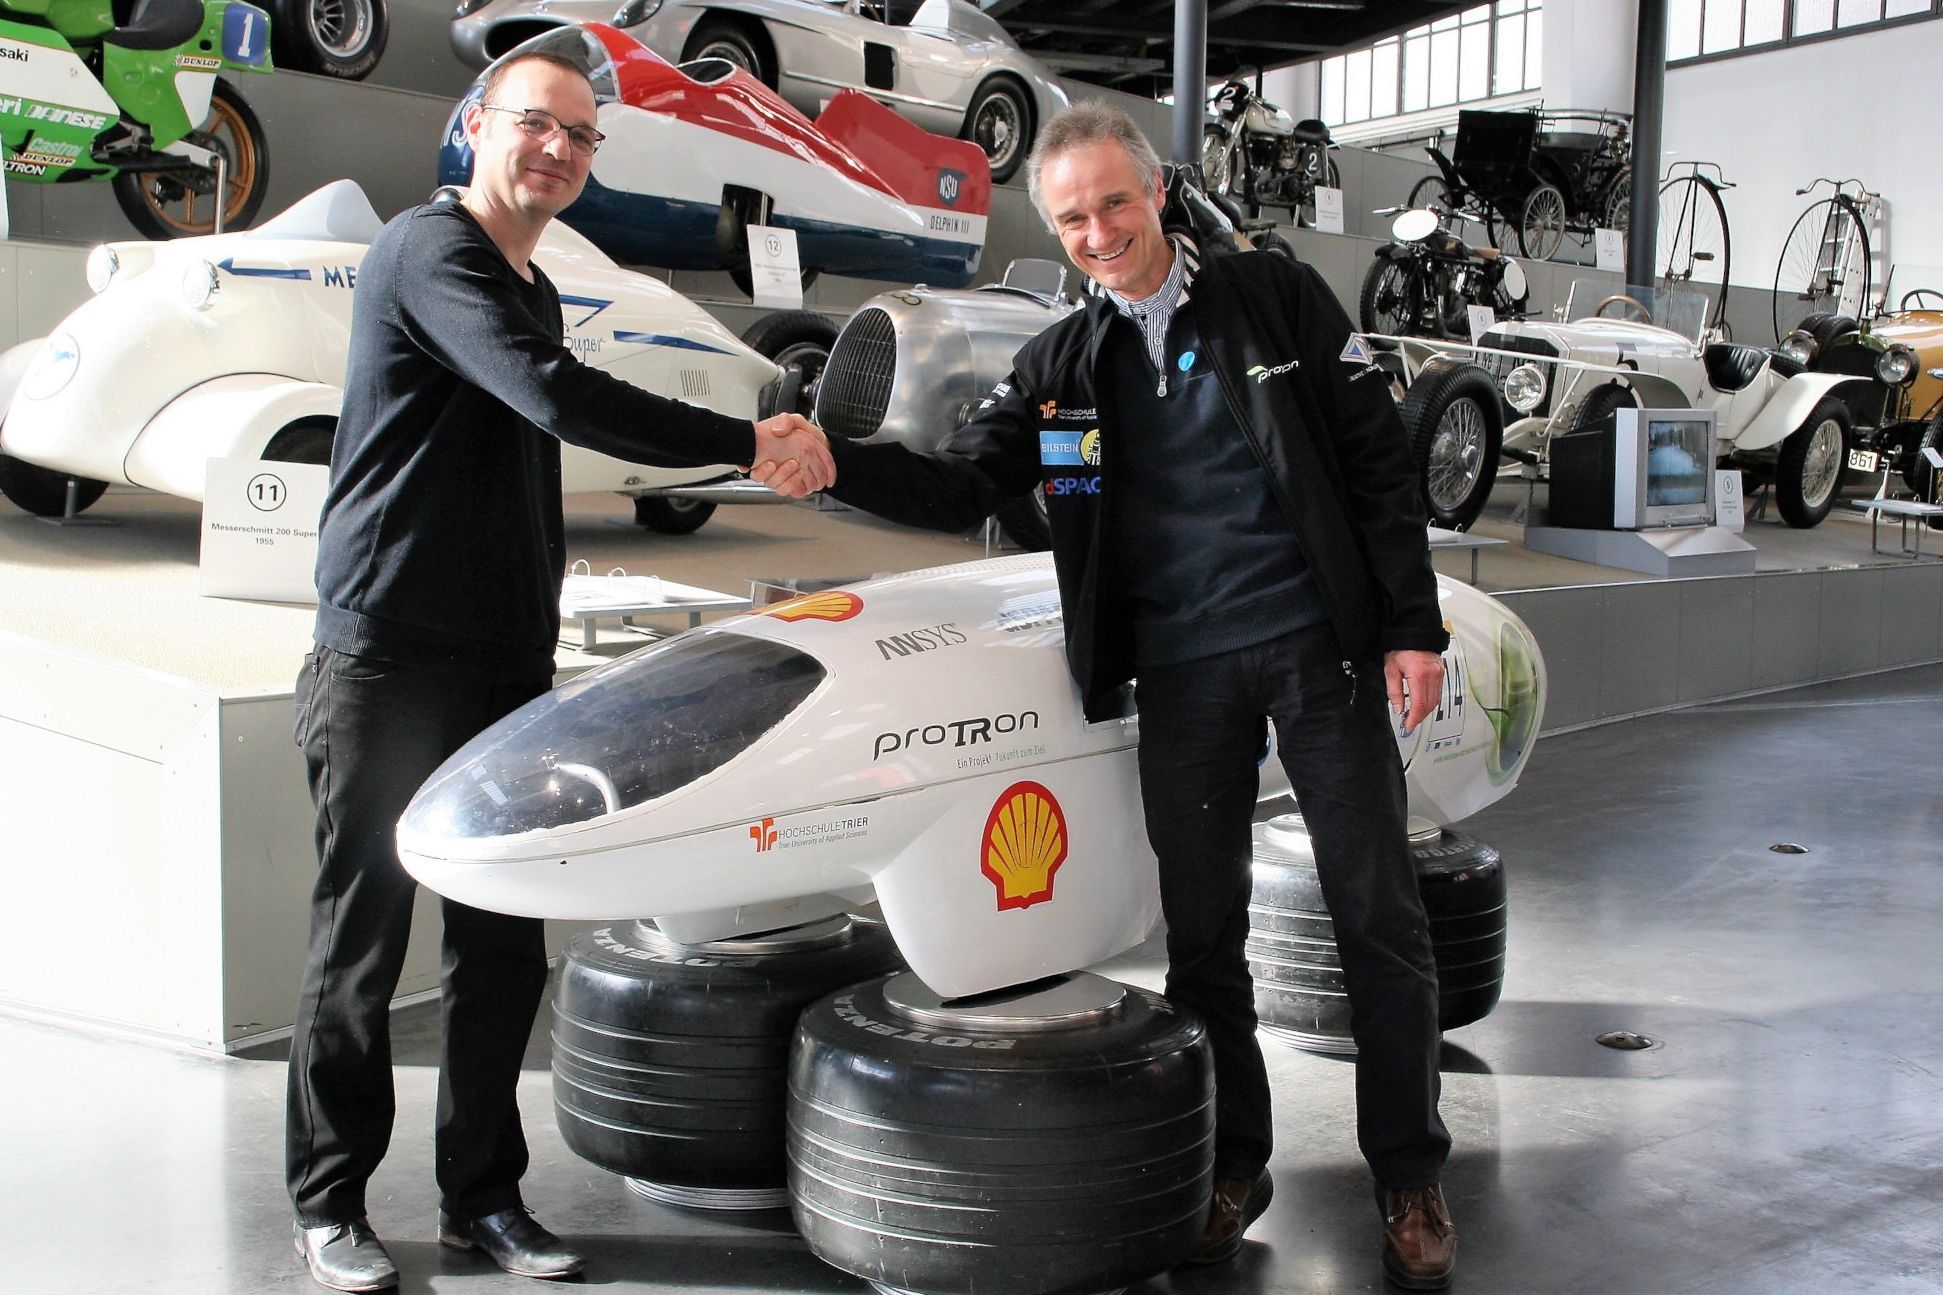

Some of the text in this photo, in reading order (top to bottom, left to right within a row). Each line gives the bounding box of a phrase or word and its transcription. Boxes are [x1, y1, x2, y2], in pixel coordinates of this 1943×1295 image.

[238, 13, 253, 57] 1
[183, 58, 220, 67] DUNLOP
[1220, 87, 1236, 101] 2
[24, 153, 73, 164] DUNLOP
[1309, 153, 1317, 171] 2
[940, 174, 958, 199] NSU
[930, 215, 969, 233] DELPHIN III
[768, 241, 779, 251] 12
[323, 266, 357, 288] ME
[1041, 443, 1080, 453] BILSTEIN
[1849, 452, 1873, 469] 861
[255, 483, 278, 502] 11
[211, 522, 318, 538] Messerschmitt 200 Super
[255, 537, 274, 546] 1955
[875, 623, 967, 661] ANSYS
[957, 758, 968, 769] Ein
[969, 753, 992, 768] Projekt
[841, 816, 869, 830] TRIER
[834, 993, 1017, 1050] POTENZA
==*==
# WHAT YOU NEED TO DO:
Set down each of the records precisely, leaving any pictures behind.

# SOLUTION TO THE PROBLEM:
Some of the text in this photo, in reading order (top to bottom, left to right within a row). Each line gives the bounding box of a phrase or word and its transcription. Boxes are [x1, y1, x2, y2], in pixel coordinates of this 1943×1295 image.

[238, 13, 253, 57] 1
[183, 58, 220, 67] DUNLOP
[1220, 87, 1236, 101] 2
[24, 153, 73, 164] DUNLOP
[1309, 153, 1317, 171] 2
[940, 174, 958, 199] NSU
[930, 215, 969, 233] DELPHIN III
[768, 241, 779, 251] 12
[323, 266, 357, 288] ME
[1041, 443, 1080, 453] BILSTEIN
[1849, 452, 1873, 469] 861
[255, 483, 278, 502] 11
[211, 522, 318, 538] Messerschmitt 200 Super
[255, 537, 274, 546] 1955
[875, 623, 967, 661] ANSYS
[957, 758, 968, 769] Ein
[969, 753, 992, 768] Projekt
[841, 816, 869, 830] TRIER
[834, 993, 1017, 1050] POTENZA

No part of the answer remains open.